### WORK REQUIRED
Transcribe every record beneath, precisely as written.

### MATERIAL FOR THE TASK
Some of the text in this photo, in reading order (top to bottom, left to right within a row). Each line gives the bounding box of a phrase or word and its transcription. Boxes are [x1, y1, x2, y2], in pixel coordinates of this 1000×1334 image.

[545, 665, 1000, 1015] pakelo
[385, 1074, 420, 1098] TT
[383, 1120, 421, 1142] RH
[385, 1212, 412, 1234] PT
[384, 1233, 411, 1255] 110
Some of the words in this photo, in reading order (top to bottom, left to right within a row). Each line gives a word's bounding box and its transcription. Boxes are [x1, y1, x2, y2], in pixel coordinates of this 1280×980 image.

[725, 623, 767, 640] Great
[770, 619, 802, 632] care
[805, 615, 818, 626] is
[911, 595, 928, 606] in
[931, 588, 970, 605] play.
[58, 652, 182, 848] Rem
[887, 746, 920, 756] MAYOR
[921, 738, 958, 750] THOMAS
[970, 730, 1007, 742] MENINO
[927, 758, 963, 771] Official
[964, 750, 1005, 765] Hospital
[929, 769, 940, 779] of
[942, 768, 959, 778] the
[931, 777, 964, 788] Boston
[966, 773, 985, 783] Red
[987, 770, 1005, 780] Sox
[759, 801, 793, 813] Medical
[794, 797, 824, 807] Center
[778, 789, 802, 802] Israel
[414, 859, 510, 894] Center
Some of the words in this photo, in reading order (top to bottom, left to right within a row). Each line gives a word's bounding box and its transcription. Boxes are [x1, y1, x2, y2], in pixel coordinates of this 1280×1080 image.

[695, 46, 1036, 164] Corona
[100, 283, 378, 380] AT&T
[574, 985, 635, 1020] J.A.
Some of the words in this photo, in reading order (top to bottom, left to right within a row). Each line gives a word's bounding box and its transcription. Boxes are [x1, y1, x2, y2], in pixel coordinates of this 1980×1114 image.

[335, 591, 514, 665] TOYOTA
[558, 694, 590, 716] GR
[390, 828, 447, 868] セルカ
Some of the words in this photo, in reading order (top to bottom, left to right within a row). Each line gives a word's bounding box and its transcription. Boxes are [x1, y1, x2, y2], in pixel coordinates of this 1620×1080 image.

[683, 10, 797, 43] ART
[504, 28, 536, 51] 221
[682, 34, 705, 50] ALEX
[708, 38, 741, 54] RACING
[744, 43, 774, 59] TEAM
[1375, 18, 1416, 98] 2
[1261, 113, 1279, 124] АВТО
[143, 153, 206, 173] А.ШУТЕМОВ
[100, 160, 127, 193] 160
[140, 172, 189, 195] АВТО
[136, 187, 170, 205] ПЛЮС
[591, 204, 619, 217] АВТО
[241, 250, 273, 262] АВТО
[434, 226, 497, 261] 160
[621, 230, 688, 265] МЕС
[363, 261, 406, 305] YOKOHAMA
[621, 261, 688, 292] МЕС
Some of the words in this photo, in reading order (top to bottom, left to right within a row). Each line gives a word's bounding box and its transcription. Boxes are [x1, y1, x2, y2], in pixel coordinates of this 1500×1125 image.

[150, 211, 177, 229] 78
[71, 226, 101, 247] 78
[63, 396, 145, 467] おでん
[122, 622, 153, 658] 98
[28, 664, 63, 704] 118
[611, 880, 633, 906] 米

### SOLUTION TO THIS PROBLEM
Some of the text in this photo, in reading order (top to bottom, left to right within a row). Each line gives the bounding box of a phrase or word and its transcription. Boxes are [x1, y1, x2, y2], in pixel coordinates of this 1000×1334 image.

[545, 665, 1000, 1015] pakelo
[385, 1074, 420, 1098] TT
[383, 1120, 421, 1142] RH
[385, 1212, 412, 1234] PT
[384, 1233, 411, 1255] 110
Some of the words in this photo, in reading order (top to bottom, left to right within a row). Each line gives a word's bounding box and its transcription. Boxes are [x1, y1, x2, y2], in pixel coordinates of this 1280×980 image.

[725, 623, 767, 640] Great
[770, 619, 802, 632] care
[805, 615, 818, 626] is
[911, 595, 928, 606] in
[931, 588, 970, 605] play.
[58, 652, 182, 848] Rem
[887, 746, 920, 756] MAYOR
[921, 738, 958, 750] THOMAS
[970, 730, 1007, 742] MENINO
[927, 758, 963, 771] Official
[964, 750, 1005, 765] Hospital
[929, 769, 940, 779] of
[942, 768, 959, 778] the
[931, 777, 964, 788] Boston
[966, 773, 985, 783] Red
[987, 770, 1005, 780] Sox
[759, 801, 793, 813] Medical
[794, 797, 824, 807] Center
[778, 789, 802, 802] Israel
[414, 859, 510, 894] Center
Some of the words in this photo, in reading order (top to bottom, left to right within a row). Each line gives a word's bounding box and its transcription. Boxes are [x1, y1, x2, y2], in pixel coordinates of this 1280×1080 image.

[695, 46, 1036, 164] Corona
[100, 283, 378, 380] AT&T
[574, 985, 635, 1020] J.A.
Some of the words in this photo, in reading order (top to bottom, left to right within a row). Each line gives a word's bounding box and its transcription. Boxes are [x1, y1, x2, y2], in pixel coordinates of this 1980×1114 image.

[335, 591, 514, 665] TOYOTA
[558, 694, 590, 716] GR
[390, 828, 447, 868] セルカ
Some of the words in this photo, in reading order (top to bottom, left to right within a row). Each line gives a word's bounding box and its transcription. Boxes are [x1, y1, x2, y2], in pixel coordinates of this 1620×1080 image.

[683, 10, 797, 43] ART
[504, 28, 536, 51] 221
[682, 34, 705, 50] ALEX
[708, 38, 741, 54] RACING
[744, 43, 774, 59] TEAM
[1375, 18, 1416, 98] 2
[1261, 113, 1279, 124] АВТО
[143, 153, 206, 173] А.ШУТЕМОВ
[100, 160, 127, 193] 160
[140, 172, 189, 195] АВТО
[136, 187, 170, 205] ПЛЮС
[591, 204, 619, 217] АВТО
[241, 250, 273, 262] АВТО
[434, 226, 497, 261] 160
[621, 230, 688, 265] МЕС
[363, 261, 406, 305] YOKOHAMA
[621, 261, 688, 292] МЕС
Some of the words in this photo, in reading order (top to bottom, left to right within a row). Each line gives a word's bounding box and its transcription. Boxes are [x1, y1, x2, y2], in pixel coordinates of this 1500×1125 image.

[150, 211, 177, 229] 78
[71, 226, 101, 247] 78
[63, 396, 145, 467] おでん
[122, 622, 153, 658] 98
[28, 664, 63, 704] 118
[611, 880, 633, 906] 米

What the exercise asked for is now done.